Du coup, les résultats du scrutin se traduisent d’abord par une représentativité renforcée plus pluraliste et moderne dans la composition du Parlement européen au sens où les groupes politiques seront plus réduits et au moins aussi nombreux, et donc ensuite, sans doute, par une imprévisibilité accrue des votes, qui se feront encore plus qu’hier sur la base de majorité d’idées et de coalitions ad hoc.

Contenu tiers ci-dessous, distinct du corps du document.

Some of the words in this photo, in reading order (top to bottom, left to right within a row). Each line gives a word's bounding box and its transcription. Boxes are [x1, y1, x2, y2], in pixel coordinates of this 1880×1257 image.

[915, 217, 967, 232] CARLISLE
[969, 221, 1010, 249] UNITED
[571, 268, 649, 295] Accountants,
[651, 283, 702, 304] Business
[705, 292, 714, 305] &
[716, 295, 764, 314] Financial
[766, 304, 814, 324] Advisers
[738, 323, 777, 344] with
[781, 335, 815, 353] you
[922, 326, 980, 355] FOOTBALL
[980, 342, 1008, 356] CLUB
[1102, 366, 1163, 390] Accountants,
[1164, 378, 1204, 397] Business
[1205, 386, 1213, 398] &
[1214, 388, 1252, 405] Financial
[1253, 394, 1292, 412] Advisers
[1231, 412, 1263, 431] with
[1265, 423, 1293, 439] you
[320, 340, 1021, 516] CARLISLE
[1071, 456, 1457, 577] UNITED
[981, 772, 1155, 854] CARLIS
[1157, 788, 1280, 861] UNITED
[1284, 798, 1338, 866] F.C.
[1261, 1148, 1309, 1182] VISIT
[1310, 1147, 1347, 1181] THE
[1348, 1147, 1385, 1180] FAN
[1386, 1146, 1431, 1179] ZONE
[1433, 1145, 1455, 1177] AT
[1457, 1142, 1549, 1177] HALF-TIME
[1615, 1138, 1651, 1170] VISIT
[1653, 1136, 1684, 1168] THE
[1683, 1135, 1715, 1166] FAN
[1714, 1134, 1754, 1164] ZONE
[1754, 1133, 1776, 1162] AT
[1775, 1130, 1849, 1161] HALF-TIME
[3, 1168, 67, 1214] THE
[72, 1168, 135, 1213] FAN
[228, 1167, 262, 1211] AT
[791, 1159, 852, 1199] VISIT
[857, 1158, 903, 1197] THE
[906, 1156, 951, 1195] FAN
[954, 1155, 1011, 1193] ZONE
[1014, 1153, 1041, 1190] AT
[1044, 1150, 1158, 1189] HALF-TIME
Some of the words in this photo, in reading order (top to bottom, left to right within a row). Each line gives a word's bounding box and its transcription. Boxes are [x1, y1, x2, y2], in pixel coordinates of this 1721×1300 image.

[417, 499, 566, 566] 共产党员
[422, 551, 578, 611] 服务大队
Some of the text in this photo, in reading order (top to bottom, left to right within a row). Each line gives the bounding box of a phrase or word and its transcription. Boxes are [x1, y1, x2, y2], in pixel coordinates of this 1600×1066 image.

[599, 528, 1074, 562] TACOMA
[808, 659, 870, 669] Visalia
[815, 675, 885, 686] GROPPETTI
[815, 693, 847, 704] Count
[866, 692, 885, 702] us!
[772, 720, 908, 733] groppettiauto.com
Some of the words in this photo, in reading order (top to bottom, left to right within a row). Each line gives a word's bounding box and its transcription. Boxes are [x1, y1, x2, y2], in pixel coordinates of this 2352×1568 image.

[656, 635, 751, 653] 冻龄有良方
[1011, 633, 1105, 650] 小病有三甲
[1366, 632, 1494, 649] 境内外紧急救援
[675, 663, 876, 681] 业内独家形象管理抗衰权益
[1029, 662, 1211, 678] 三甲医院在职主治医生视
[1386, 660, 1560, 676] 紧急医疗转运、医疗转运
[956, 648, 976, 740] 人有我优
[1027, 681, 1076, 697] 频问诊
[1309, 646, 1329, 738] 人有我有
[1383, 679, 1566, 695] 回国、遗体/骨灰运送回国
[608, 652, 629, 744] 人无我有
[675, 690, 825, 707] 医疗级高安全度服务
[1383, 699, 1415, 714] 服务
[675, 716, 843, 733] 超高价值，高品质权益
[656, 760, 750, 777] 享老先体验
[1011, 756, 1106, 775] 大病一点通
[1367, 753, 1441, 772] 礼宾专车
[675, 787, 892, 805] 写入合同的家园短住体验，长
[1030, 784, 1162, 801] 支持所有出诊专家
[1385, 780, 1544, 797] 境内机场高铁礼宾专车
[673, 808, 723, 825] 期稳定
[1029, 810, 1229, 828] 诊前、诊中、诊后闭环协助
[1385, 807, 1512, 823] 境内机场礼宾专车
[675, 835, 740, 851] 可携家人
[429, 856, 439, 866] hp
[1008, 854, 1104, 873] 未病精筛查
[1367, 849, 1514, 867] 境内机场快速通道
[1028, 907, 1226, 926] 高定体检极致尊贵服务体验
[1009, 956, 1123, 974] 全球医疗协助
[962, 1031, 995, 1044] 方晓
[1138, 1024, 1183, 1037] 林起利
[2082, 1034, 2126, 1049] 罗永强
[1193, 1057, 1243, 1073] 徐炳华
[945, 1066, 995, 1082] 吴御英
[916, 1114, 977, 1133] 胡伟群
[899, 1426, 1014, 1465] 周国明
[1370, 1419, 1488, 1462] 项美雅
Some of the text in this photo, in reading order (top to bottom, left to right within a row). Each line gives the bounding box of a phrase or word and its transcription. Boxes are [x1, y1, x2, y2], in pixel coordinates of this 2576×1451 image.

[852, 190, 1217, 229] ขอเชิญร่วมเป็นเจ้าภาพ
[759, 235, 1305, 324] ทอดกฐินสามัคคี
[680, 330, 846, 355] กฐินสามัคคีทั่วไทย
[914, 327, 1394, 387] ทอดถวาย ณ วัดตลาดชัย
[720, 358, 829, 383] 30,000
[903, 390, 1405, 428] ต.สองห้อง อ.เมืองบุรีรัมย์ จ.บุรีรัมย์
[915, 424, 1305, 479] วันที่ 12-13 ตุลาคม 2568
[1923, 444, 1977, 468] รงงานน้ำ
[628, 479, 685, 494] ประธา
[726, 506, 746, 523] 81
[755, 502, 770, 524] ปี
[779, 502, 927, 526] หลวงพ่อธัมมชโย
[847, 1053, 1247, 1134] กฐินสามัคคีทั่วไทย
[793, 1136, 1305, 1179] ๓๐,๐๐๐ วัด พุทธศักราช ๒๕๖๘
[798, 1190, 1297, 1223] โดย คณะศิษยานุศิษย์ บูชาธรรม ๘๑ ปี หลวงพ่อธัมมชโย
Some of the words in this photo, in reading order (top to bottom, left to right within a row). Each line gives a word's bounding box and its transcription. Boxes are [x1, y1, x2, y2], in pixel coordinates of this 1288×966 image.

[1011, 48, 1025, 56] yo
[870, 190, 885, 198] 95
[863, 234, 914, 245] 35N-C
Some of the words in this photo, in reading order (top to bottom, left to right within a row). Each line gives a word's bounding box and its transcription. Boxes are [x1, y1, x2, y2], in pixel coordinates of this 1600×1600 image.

Bref, une promesse d’incarnation des choix beaucoup plus fertiles avec davantage d’acteurs et d’histoires à raconter.

Les résultats du scrutin de 2019 traduisent un renforcement du rôle de Parlement afin de dessiner des majorités (en l’occurrence à plus des deux tiers pro-européennes) face à des oppositions plus visibles et mieux incarnées tandis que le rôle traditionnel dévolu au Parlement européen correspondait à une institution « en dialogue » avec le Conseil et la Commission dans le triangle institutionnel de l’UE.

Une européanisation de la politique

La hausse de la participation traduit un mouvement dans les opinions publiques européennes d’européanisation de la politique que l’UE soit perçue comme la solution à des problèmes difficiles à résoudre à l’échelle nationale : protection des libertés, modèle économique pour un avenir plus vert, équitable et inclusif ; intérêts et valeurs de l’Europe dans le monde… ou l’inverse est tout aussi exact d’ailleurs.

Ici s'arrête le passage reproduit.